(Images for object localization)
-------

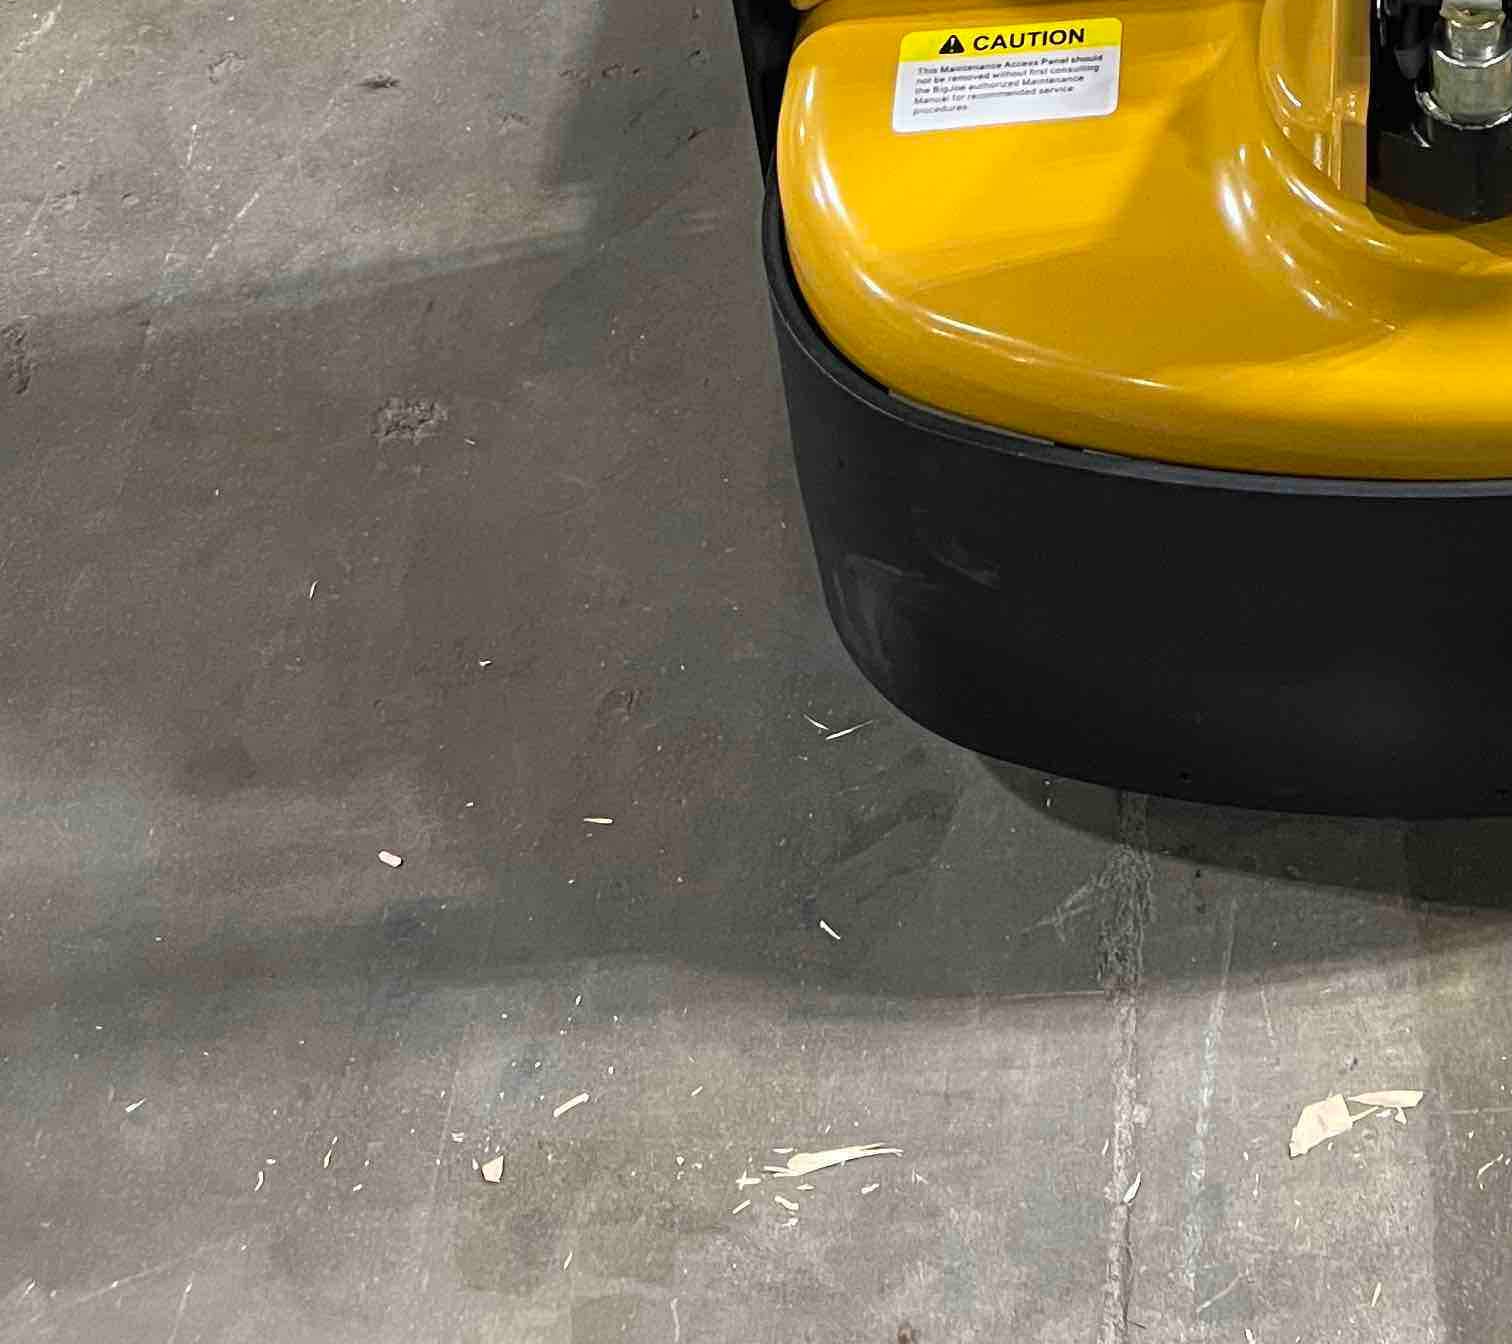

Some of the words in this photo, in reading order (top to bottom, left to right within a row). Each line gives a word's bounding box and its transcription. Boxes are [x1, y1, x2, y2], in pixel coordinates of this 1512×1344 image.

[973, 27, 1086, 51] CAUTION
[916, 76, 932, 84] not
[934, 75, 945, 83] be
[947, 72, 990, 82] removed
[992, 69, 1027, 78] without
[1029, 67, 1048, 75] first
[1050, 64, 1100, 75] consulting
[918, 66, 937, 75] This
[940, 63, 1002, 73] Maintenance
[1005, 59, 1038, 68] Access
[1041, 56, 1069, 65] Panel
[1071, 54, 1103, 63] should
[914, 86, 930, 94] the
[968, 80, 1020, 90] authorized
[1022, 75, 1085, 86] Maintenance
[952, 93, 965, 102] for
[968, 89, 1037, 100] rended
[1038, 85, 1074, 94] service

-------

Except for the pictures, write the data out exactly.

● TASK RESPONSE
Some of the words in this photo, in reading order (top to bottom, left to right within a row). Each line gives a word's bounding box and its transcription. Boxes are [x1, y1, x2, y2], in pixel coordinates of this 1512×1344 image.

[973, 27, 1086, 51] CAUTION
[916, 76, 932, 84] not
[934, 75, 945, 83] be
[947, 72, 990, 82] removed
[992, 69, 1027, 78] without
[1029, 67, 1048, 75] first
[1050, 64, 1100, 75] consulting
[918, 66, 937, 75] This
[940, 63, 1002, 73] Maintenance
[1005, 59, 1038, 68] Access
[1041, 56, 1069, 65] Panel
[1071, 54, 1103, 63] should
[914, 86, 930, 94] the
[968, 80, 1020, 90] authorized
[1022, 75, 1085, 86] Maintenance
[952, 93, 965, 102] for
[968, 89, 1037, 100] rended
[1038, 85, 1074, 94] service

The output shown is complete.